After sharing this with a few people here at work, I was convinced to call the police and file a report. I did so, though the officer didn't seem too concerned (I don't think he filed an actual report, since he didn't give me a case number.) Still, he suggested that I mention the note to my neighbors and ask them to keep an eye on things.
I really wish I knew what "OR ELSE" meant. It sounds like an empty, bombastic threat, but there are crazy people in the world (I know, cause I am one.)
OK, I'm done with my rant now. Thanks for listening. :-)
Update: So it turns out that we weren't the only ones to get one of these love letters. At least four houses on our circle got similar notes; two of the families don't even have dogs.
Well, seven days later, and we still haven't finished the patio. We have, though, gotten sunburnt and sore from hauling gravel, sand, and paving stones. Here's our progress as of Sunday evening.

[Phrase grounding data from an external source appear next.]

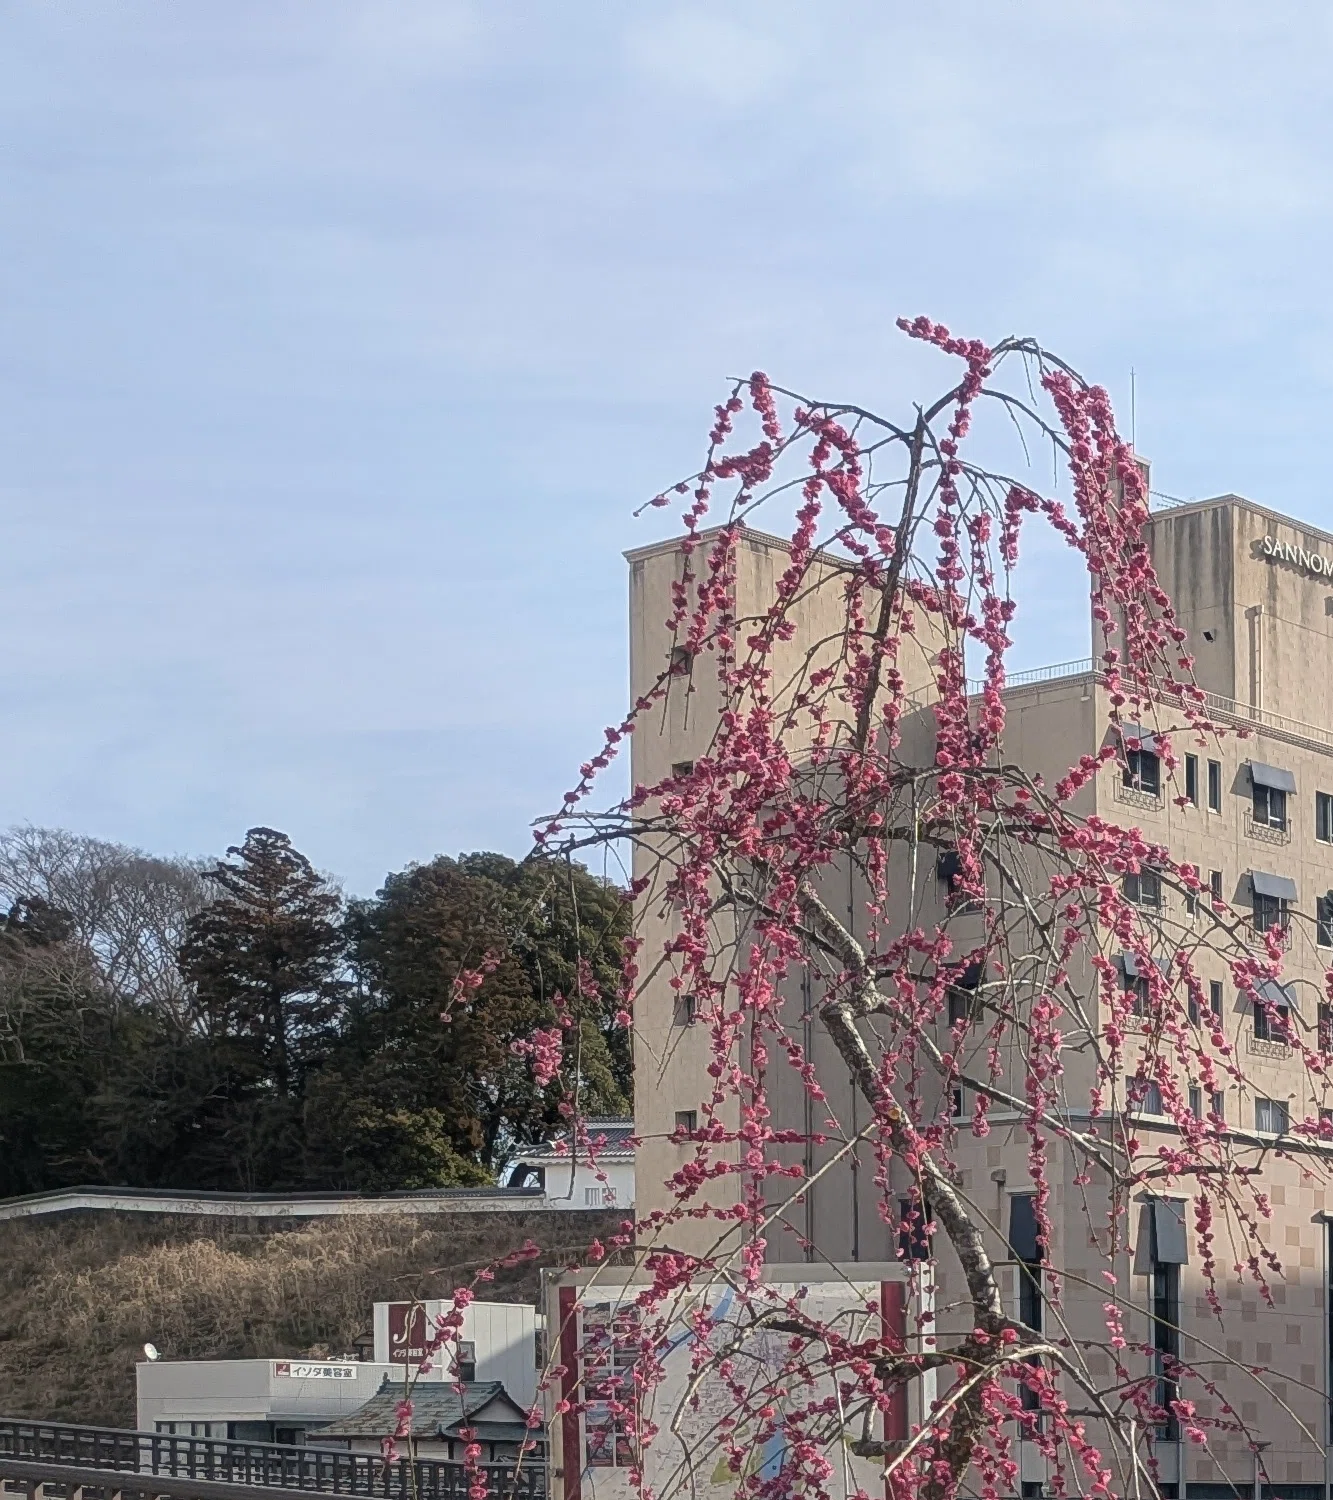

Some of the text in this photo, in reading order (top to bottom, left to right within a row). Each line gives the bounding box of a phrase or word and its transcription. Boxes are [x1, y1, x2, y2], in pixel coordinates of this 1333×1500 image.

[292, 1366, 353, 1378] イソダ美容室
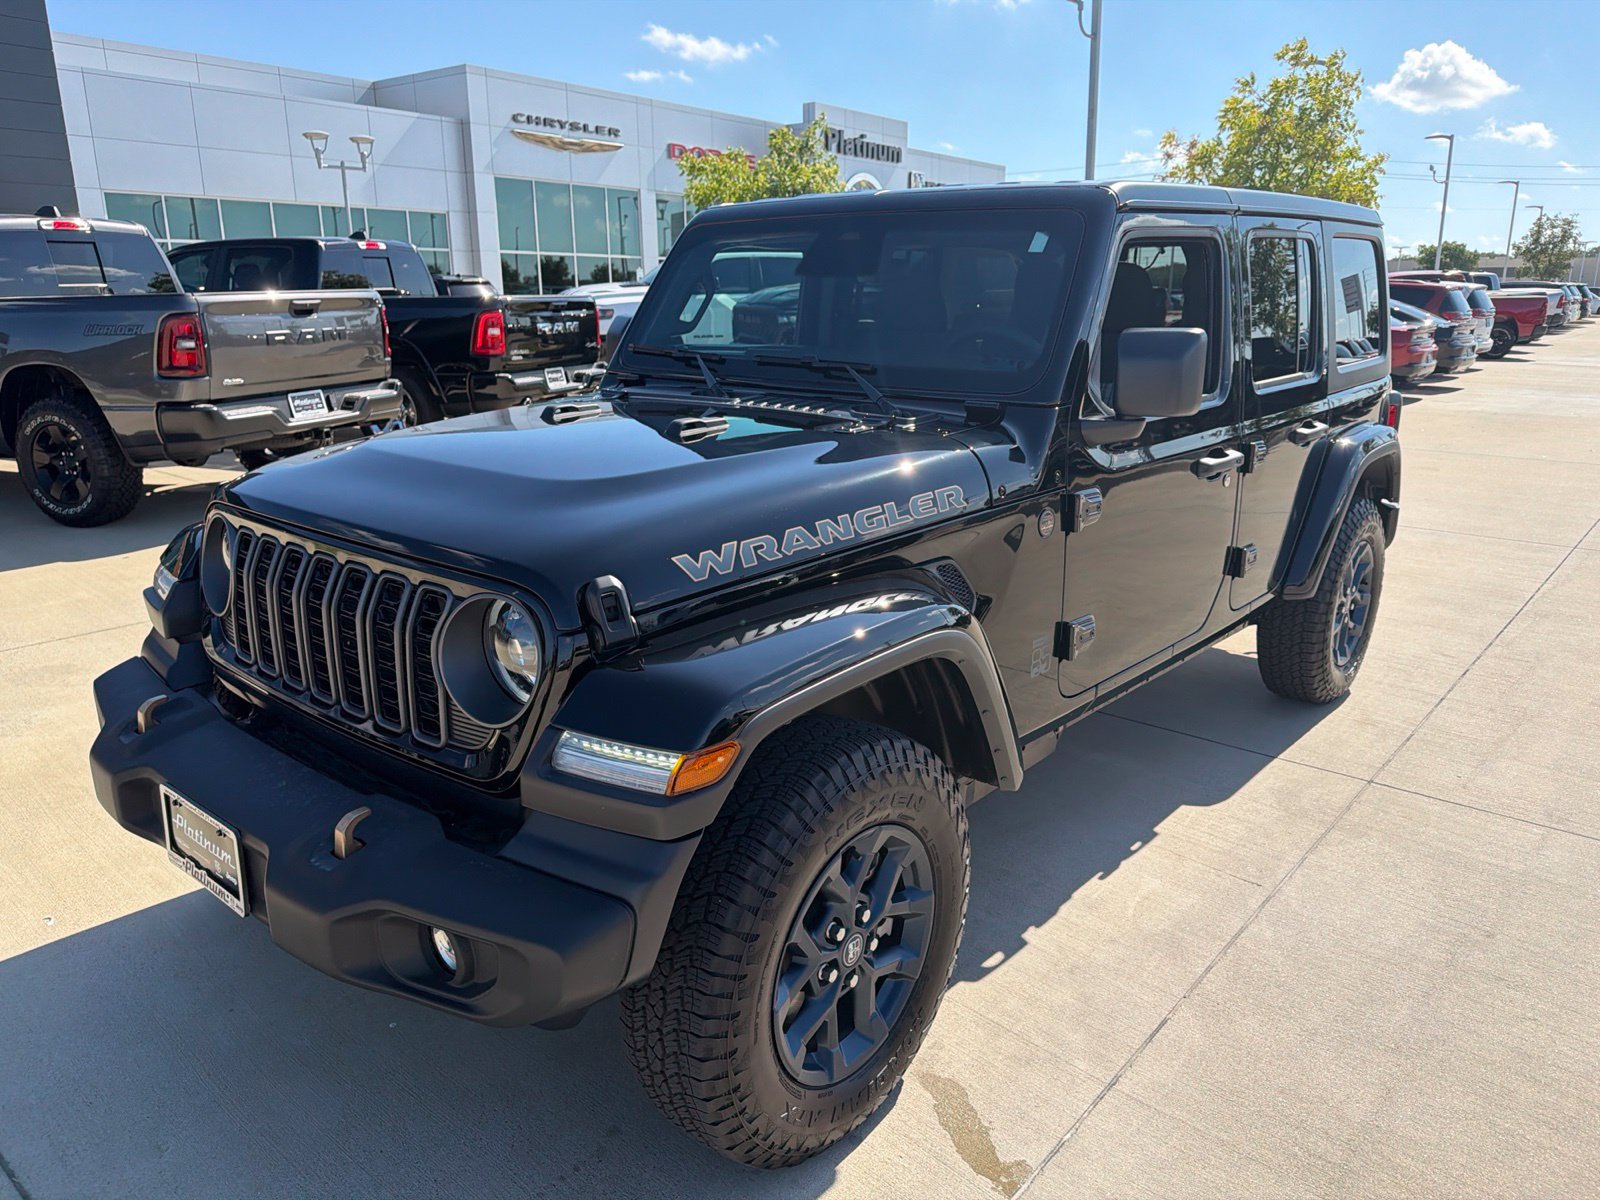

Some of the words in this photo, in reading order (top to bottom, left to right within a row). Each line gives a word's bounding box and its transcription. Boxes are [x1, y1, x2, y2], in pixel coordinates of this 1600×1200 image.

[512, 113, 621, 138] CHRYSLER
[824, 127, 902, 163] Platinum
[83, 323, 145, 337] WARLOCK
[265, 326, 346, 345] RAM
[536, 321, 580, 335] RAM
[671, 485, 967, 582] WRANGLER
[173, 813, 236, 870] Platinum
[824, 793, 925, 856] NEXEN
[185, 860, 231, 904] Platinum
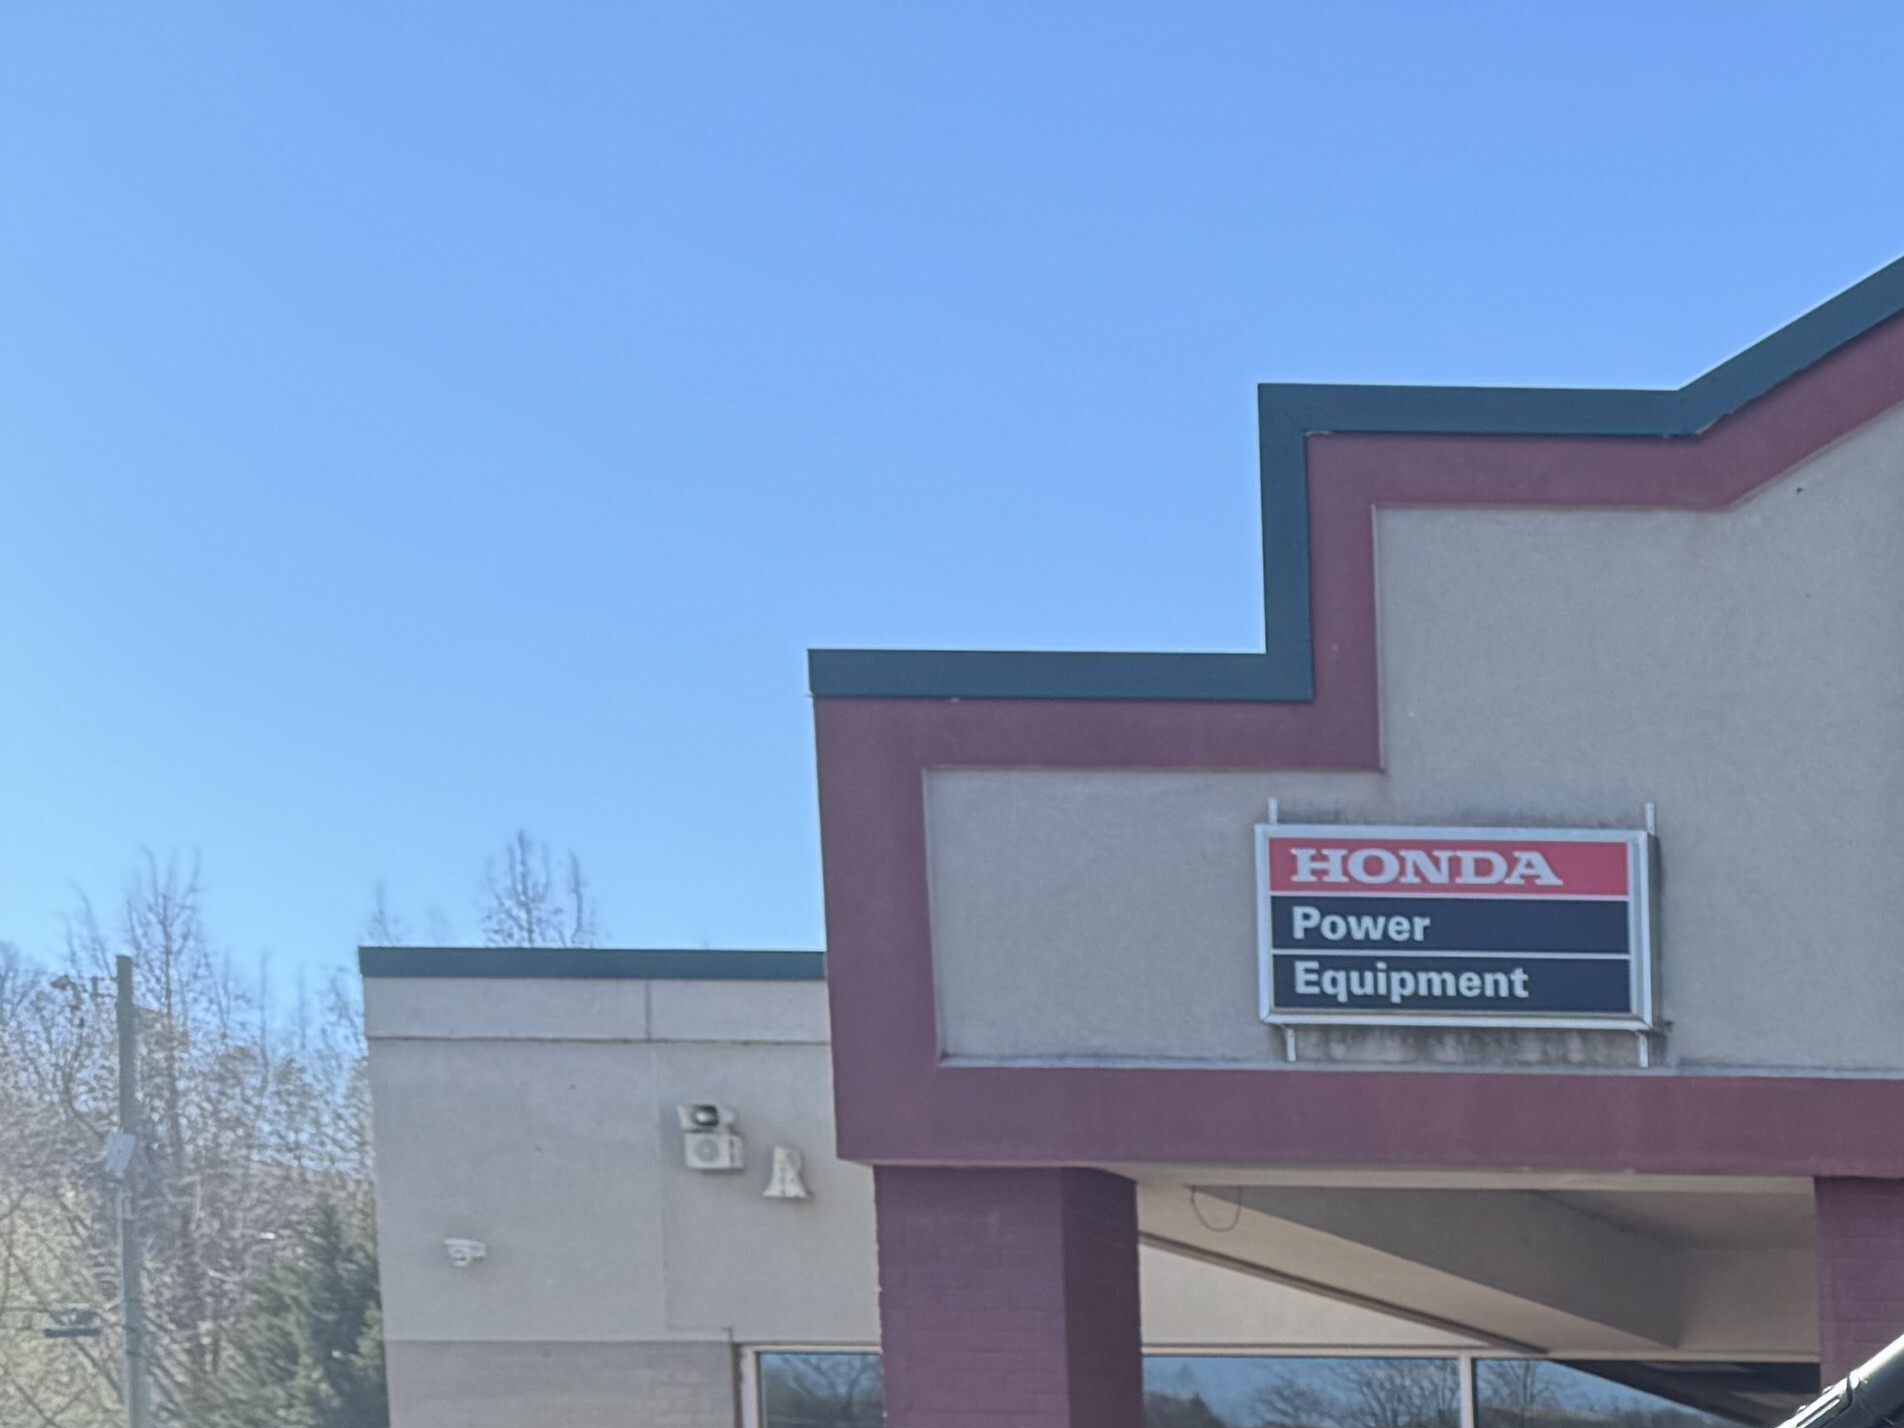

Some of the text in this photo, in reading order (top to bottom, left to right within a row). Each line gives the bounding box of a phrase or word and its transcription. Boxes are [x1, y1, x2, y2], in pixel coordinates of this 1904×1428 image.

[1290, 848, 1563, 887] HONDA
[1293, 906, 1430, 942] Power
[1294, 961, 1529, 1003] Equipment
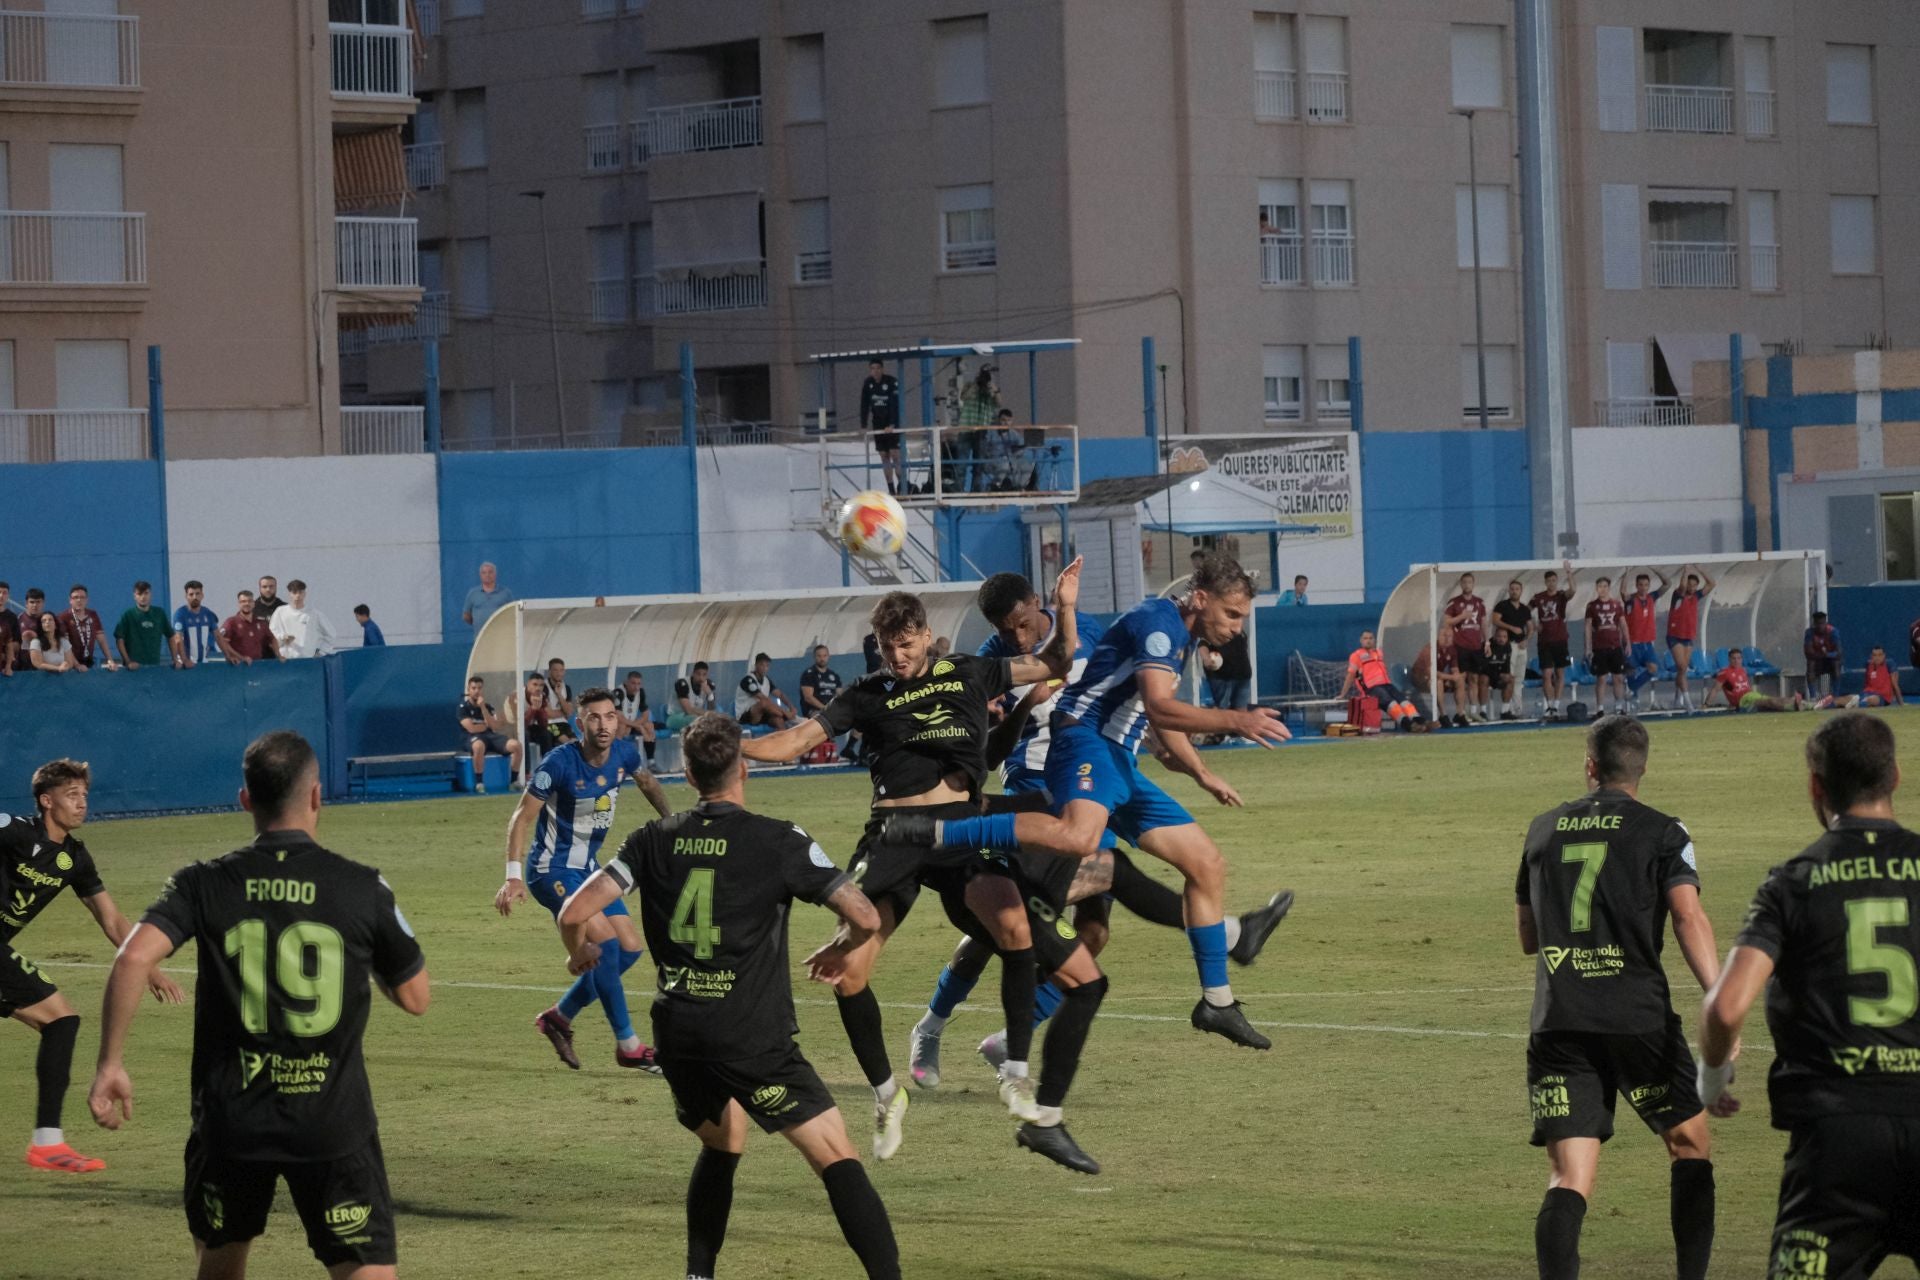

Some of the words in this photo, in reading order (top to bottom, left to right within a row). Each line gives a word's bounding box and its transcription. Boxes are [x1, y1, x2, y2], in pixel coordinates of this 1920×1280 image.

We would have gotten farther if we didn't have to deal with the Giles situation (boy, I miss him) and the new puppy, who has proven to be even more trouble then Oliver. Olie just needs to be held all of the time; Buffy insists on activally impeding our progress by laying down right where the next paver goes, digging up the just-smoothed sand, biting arms, hands and gloves, and just being a general puppy nuisance. But she is kind of cute, a little bit.

Now that I'm back at work, I expect that it'll be another week or two before we finish the patio, and get the big pile of sand and pallets of pavers out of our driveway!
Everyone give a big "awwwwwww" to the newest member of the Sklar family. Say hello to "Buffy" ...
Buffy is nine-week old black Labrador (her mom was golden, and her dad was chocolate ... believe that?!?) Giles has gone back to the Greyhound adoption group, where I'm sure he will find a wonderful new home without children. And so we move on, with a new puppy that will be properly trained in how to be tortured and over-loved by children.
Stay tuned for more pictures of puppy cuteness.
Well, ten months after moving in (and one month after getting a tax refund), Kara and I decided to put in our patio. You can only look at and walk on four cubic yards of gravel for so long. Of course, we're cheap (and broke), so instead of doing what all of our neighbors have done (hiring a contractor to pour concrete), we've decided to "do-it-ourselves" and lay paving stones.
So, I ordered 1,700 pavers for delivery on Tuesday, and we spent this weekend tearing out sod, digging trenches and putting down edging. (Its a good thing I have a nice sissy job; no way I could ever do manual labor full-time!)
Here's our progress, as of Sunday at about 3:00 p.m., when we gave up for the day.

(Yes, that is a wading pool filled with water; I haven't quite figured out yet why we put it there, or how we are going to move it without making a big mud pit.)
Tomorrow looks to be filled with more digging, followed by raking and leveling of gravel, with a chance of many wheelbarrow loads of sand to be hauled from the front of the house to the back.
Ah, the joys of homeownership!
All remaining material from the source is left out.